The Worst Person I’ve Ever Met (Part 6) “The Red Squirrel”
Missed past installments? You can find them here: part one, part two, part three, part four, part five
In this installment, I will cover several of Cathy’s claims about diagnoses she’d received from “a doctor”. Having an invisible illness myself, I hate when people try to prove that patients are faking their symptoms. This, however, is Cathy. You’ll have to forgive me and everyone who knew her for doubting. Mea culpa.
There are also mentions of suicide in this post.
I’m not sure what, exactly, was the acknowledged reason for the breakup of Cathy and Sam’s marriage, because it all dissolved so quickly. One of the factors was certainly the loss of their roommates, who asked Cathy and Sam to vacate the house for the evening so they could have a small dinner party then moved out without notice, leaving behind a note detailing their grievances. Among them was the filth; with two roommates, Sam was able to cut back to one job, but he still didn’t pitch in and Cathy had moved on to an additional reason she couldn’t do any housework: debilitating arthritis.
Despite the fact that the only doctor visits Cathy ever made were to Planned Parenthood for basic gynecological services, she insisted she had developed and been diagnosed with arthritis that was so advanced, so devastating that her knees would “literally hemorrhage” if she stood up too much. This prohibited her from walking any distance (that she didn’t want to walk), working any job besides her occasional tutoring of other college students, or sitting the backseat of any vehicle.
As I mentioned in an earlier post, Cathy had a whole host of illnesses and allergies when the situation called for them. One day, while barbecuing, my husband asked her how she liked her steak. “It has to be well-done,” she insisted, with far more vehemence than called for. “I am allergic to anything but well-done meat. I will literally die.” While allergies to red meat are possible (and some people with the allergy can eat red meat if it’s well done), Cathy’s constant claims of bogus medical conditions left us skeptical. “Wow, what will happen if you eat under cooked meat?” I asked, having been to countless restaurants and meals with her before this ever came up. She said she didn’t know, but a doctor had told her about the allergy. My husband stood over the grill and grumbled, “You can just say you don’t like it pink. It doesn’t have to be fatal.” That, in addition to her claim that a doctor told her to never quit smoking or she would “literally die”, and that she should limit all activity because of her dangerously high IQ, her “my knees will hemorrhage” claim seemed somewhat dubious based on the fact that she couldn’t provide details on what type of arthritis she had and she had no idea what a rheumatologist was. Shortly before moving out of the house, one of the roommates, a nursing student, asked her what medications she was on to manage the condition. “I don’t believe in pills. I won’t even take Motrin for it. I don’t like any substance that changes your body chemistry,” she said, taking another drag off her ever-present cigarette. “I’ve learned to live with the pain. I guess I’m just a stronger person than most people.”

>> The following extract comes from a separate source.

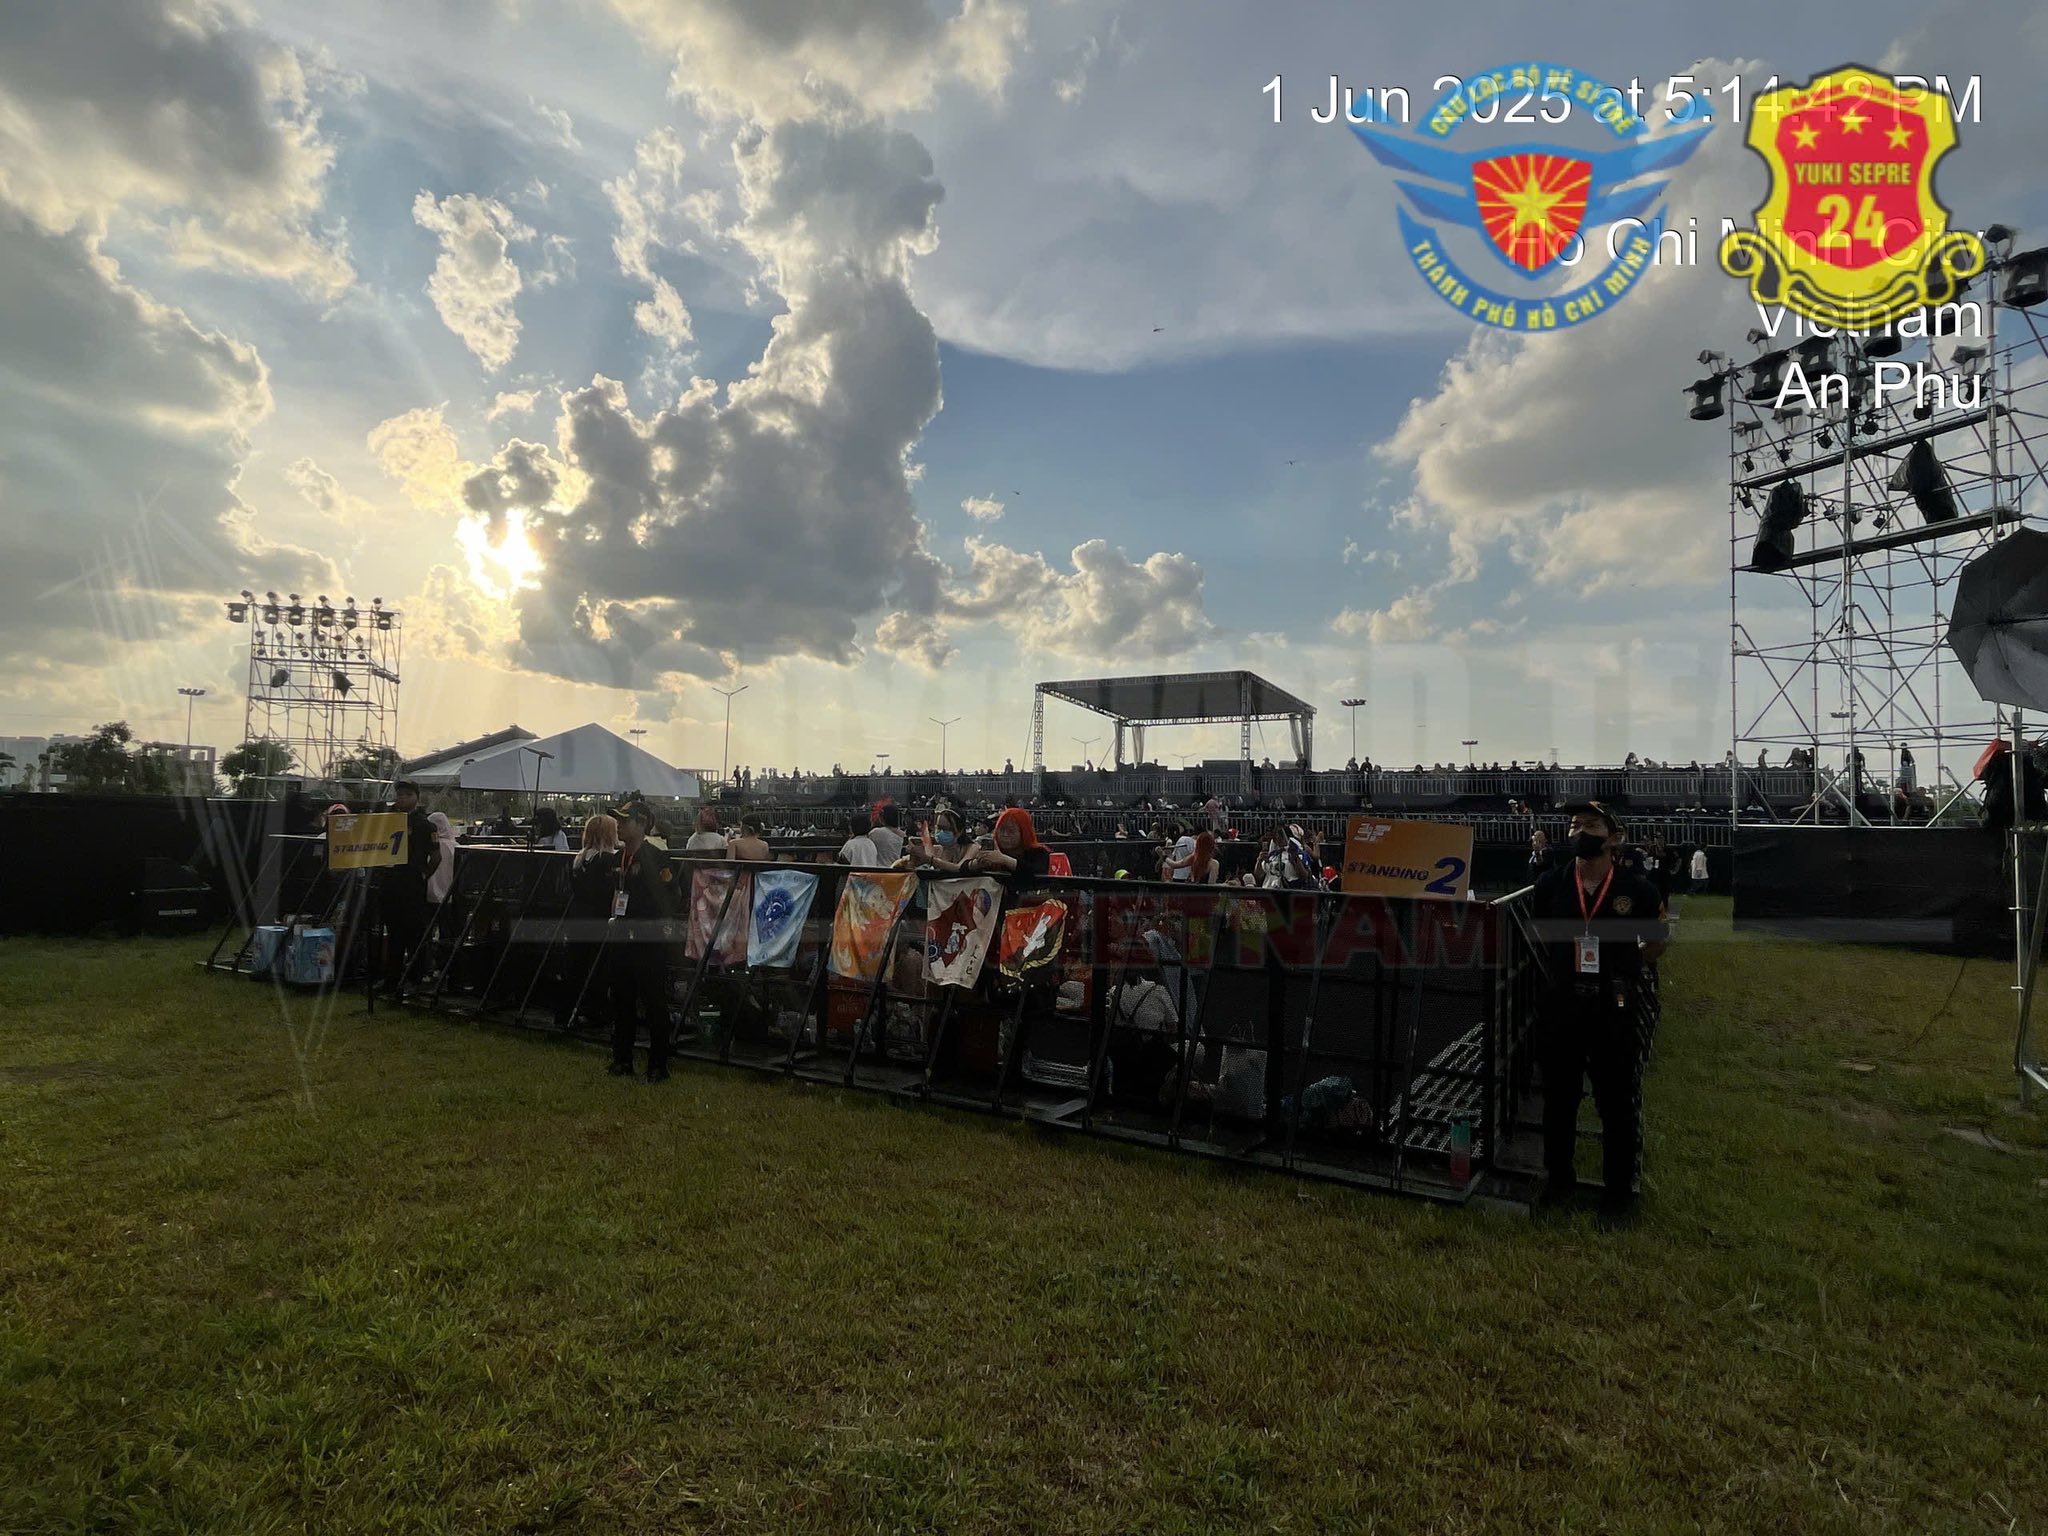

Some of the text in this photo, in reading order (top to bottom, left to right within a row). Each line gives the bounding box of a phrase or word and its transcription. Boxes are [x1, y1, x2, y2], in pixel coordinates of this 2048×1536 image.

[333, 831, 405, 856] STANDING 1
[1347, 857, 1467, 895] STANDING 2

On another occasion, Cathy learned about Fibromyalgia. She began telling everyone that she also suffered from the disease, until her nursing student roommate snapped, “It’s not even real. Ask any doctor, they’re going to tell you it’s not real.” Later, the roommate confided in me, “I know it’s real. I just didn’t want her adding to her stupid collection. Just do the fucking dishes, Cathy.” After that, Cathy denied ever self-diagnosing the illness, but continued insisting that “a doctor” told her she had arthritis, didn’t need any medication to manage the symptoms because she was strong, and frequently went to art hops that involved walking miles around the city visit different galleries.
She always wore staggeringly high heels to do this.

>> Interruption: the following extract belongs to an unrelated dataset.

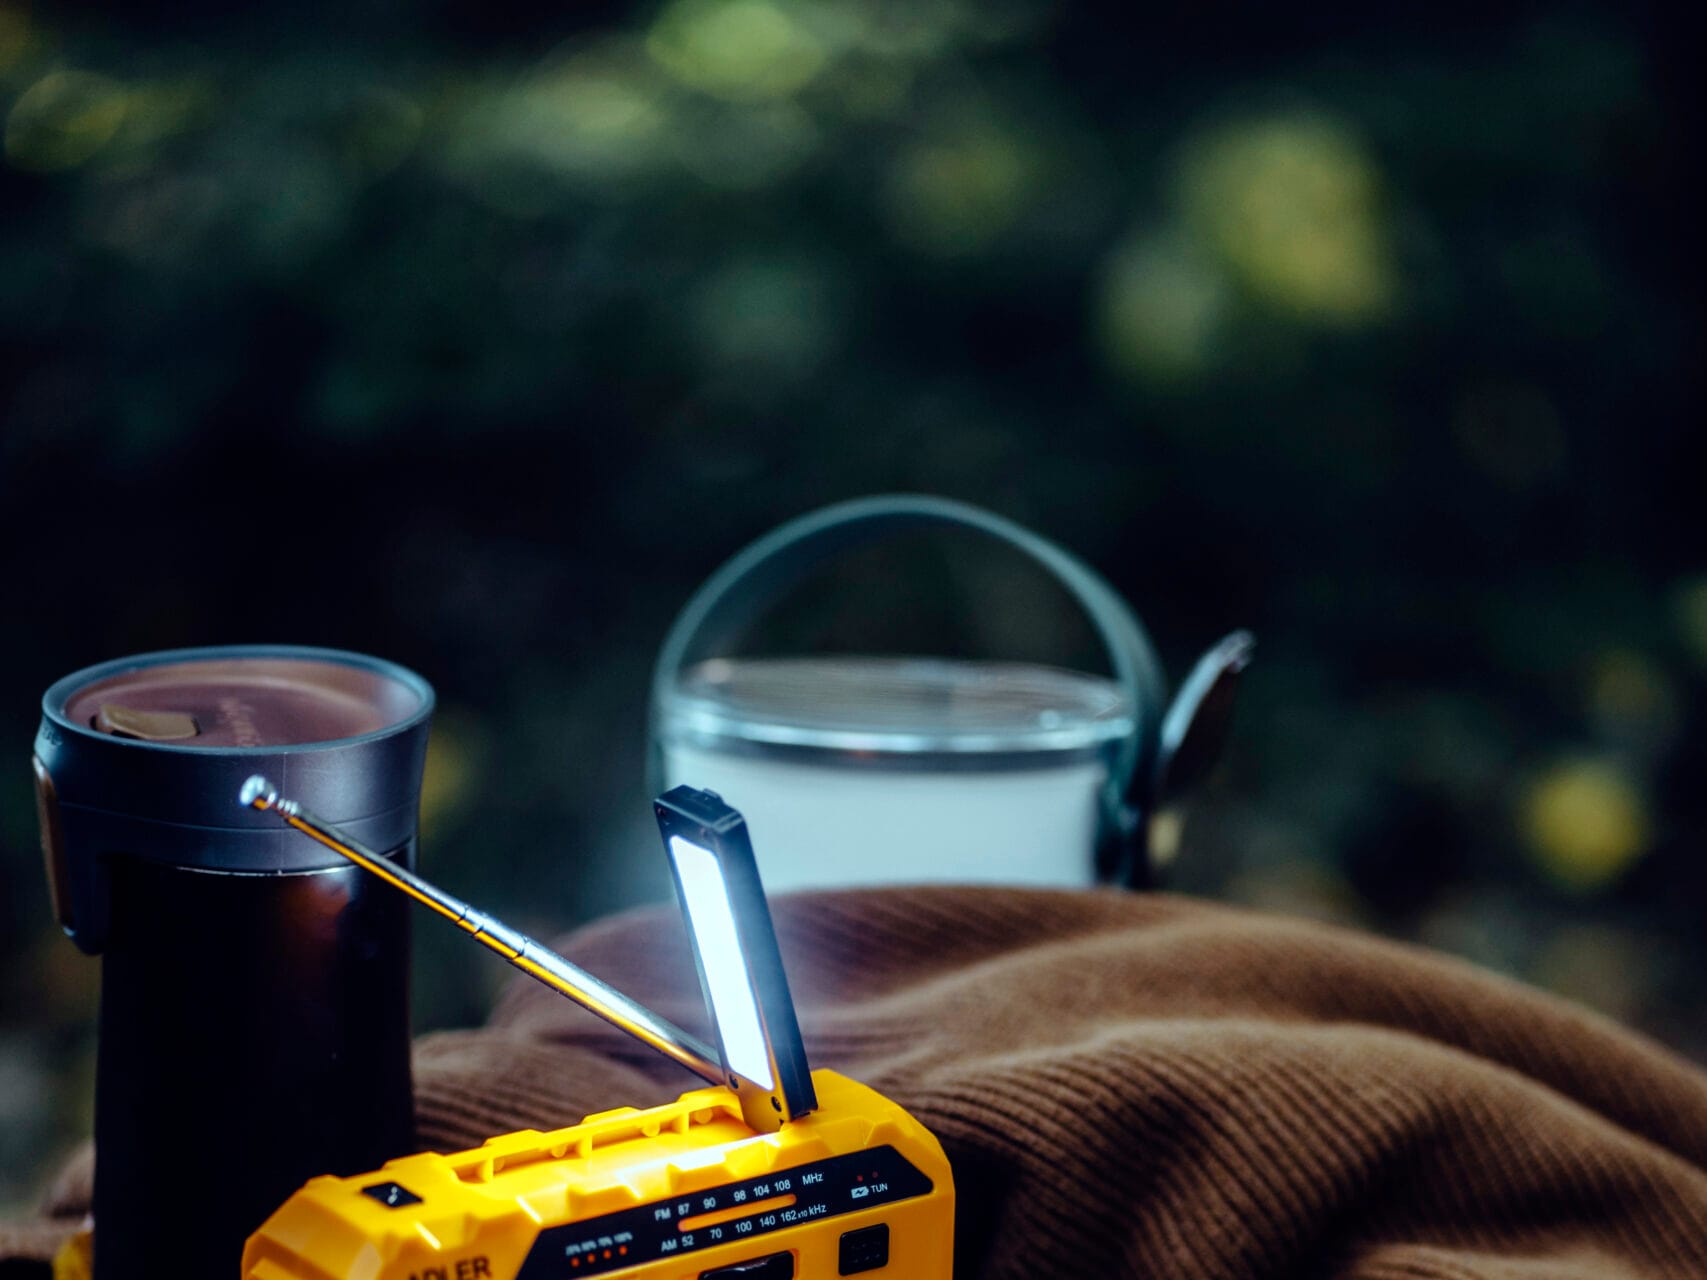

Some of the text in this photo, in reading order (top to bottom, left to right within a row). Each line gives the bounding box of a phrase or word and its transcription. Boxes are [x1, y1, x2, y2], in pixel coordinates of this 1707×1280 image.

It struck me as bizarre that, now that Cathy didn’t have cash rolling in from student loans, she would get rid of her only source of income. Since a job would give her ALS, joint bleeding, and probably Feline Leukemia, she decided she would become a full-time poet. She constantly talked about her book, a collection of poems she was writing. “Oh, like a chapbook?” I asked. No, a full-length collection of poetry. Knowing the amount of spare time she had, I believed this was something she definitely could do, so I encouraged her. A week later, she called me to announce that she’d finished her first book. Thirty pages of poems, many of which she’d written for her disastrous English class. Each was about her body and sexuality, including one particularly self-aggrandizing piece about how motherhood had saved her from the anorexia that had been killing her before her pregnancy. In it, she spoke of how alarmingly thin she had been, weighing under one hundred pounds, no longer menstruating, being able to count individual bones through her skin. It was actually kind of sad; it came off as someone who thought she had recovered using the tale of her recovery to praise herself for being skinny. She compared herself to a concentration camp victim (I suggested editing those lines out, which she thankfully did) and called her son a miracle and her savior.
She still only saw him every other weekend, despite being offered increased visitation time. “I’m really too busy writing,” was her excuse for not spending more time with her savior and “the most important part of her life”. Motherhood, she continued to insist, “defined” her and brought her “as close to being a goddess as any woman could be.” She wanted the title but not the job.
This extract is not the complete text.